PROBLEM TO SOLVE
Nothing in the entries may be altered; copy them all exactly.

************

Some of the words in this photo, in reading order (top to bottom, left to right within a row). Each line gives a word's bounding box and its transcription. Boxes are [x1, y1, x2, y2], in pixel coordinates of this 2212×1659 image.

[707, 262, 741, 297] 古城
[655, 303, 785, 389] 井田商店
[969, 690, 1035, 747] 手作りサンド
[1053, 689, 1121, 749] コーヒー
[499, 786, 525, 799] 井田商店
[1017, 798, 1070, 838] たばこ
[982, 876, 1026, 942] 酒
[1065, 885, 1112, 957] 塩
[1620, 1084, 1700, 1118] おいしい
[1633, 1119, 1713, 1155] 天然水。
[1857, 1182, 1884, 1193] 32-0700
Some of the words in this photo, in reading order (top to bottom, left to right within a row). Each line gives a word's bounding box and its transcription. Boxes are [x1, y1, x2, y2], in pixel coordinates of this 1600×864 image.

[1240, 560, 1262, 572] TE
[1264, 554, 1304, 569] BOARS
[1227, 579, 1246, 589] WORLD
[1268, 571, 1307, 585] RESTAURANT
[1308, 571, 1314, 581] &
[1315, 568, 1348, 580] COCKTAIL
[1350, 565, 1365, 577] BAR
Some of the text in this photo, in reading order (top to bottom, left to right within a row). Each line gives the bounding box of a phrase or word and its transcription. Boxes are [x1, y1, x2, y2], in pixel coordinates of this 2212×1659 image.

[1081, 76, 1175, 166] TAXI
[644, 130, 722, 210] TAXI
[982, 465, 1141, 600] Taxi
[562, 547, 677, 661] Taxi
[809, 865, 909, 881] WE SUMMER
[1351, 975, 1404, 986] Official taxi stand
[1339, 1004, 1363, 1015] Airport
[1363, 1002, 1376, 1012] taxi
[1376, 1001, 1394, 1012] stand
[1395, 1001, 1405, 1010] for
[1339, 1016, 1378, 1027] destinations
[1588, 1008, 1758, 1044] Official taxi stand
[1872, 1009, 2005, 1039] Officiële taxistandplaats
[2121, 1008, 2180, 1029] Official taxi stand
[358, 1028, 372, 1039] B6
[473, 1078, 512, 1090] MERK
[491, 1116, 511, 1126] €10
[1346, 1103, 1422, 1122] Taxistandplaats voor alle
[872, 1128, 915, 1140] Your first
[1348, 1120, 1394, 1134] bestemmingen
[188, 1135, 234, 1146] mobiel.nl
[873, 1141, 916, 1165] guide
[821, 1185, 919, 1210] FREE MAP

************

WRITTEN REPLY
Some of the words in this photo, in reading order (top to bottom, left to right within a row). Each line gives a word's bounding box and its transcription. Boxes are [x1, y1, x2, y2], in pixel coordinates of this 2212×1659 image.

[707, 262, 741, 297] 古城
[655, 303, 785, 389] 井田商店
[969, 690, 1035, 747] 手作りサンド
[1053, 689, 1121, 749] コーヒー
[499, 786, 525, 799] 井田商店
[1017, 798, 1070, 838] たばこ
[982, 876, 1026, 942] 酒
[1065, 885, 1112, 957] 塩
[1620, 1084, 1700, 1118] おいしい
[1633, 1119, 1713, 1155] 天然水。
[1857, 1182, 1884, 1193] 32-0700
Some of the words in this photo, in reading order (top to bottom, left to right within a row). Each line gives a word's bounding box and its transcription. Boxes are [x1, y1, x2, y2], in pixel coordinates of this 1600×864 image.

[1240, 560, 1262, 572] TE
[1264, 554, 1304, 569] BOARS
[1227, 579, 1246, 589] WORLD
[1268, 571, 1307, 585] RESTAURANT
[1308, 571, 1314, 581] &
[1315, 568, 1348, 580] COCKTAIL
[1350, 565, 1365, 577] BAR
Some of the text in this photo, in reading order (top to bottom, left to right within a row). Each line gives the bounding box of a phrase or word and its transcription. Boxes are [x1, y1, x2, y2], in pixel coordinates of this 2212×1659 image.

[1081, 76, 1175, 166] TAXI
[644, 130, 722, 210] TAXI
[982, 465, 1141, 600] Taxi
[562, 547, 677, 661] Taxi
[809, 865, 909, 881] WE SUMMER
[1351, 975, 1404, 986] Official taxi stand
[1339, 1004, 1363, 1015] Airport
[1363, 1002, 1376, 1012] taxi
[1376, 1001, 1394, 1012] stand
[1395, 1001, 1405, 1010] for
[1339, 1016, 1378, 1027] destinations
[1588, 1008, 1758, 1044] Official taxi stand
[1872, 1009, 2005, 1039] Officiële taxistandplaats
[2121, 1008, 2180, 1029] Official taxi stand
[358, 1028, 372, 1039] B6
[473, 1078, 512, 1090] MERK
[491, 1116, 511, 1126] €10
[1346, 1103, 1422, 1122] Taxistandplaats voor alle
[872, 1128, 915, 1140] Your first
[1348, 1120, 1394, 1134] bestemmingen
[188, 1135, 234, 1146] mobiel.nl
[873, 1141, 916, 1165] guide
[821, 1185, 919, 1210] FREE MAP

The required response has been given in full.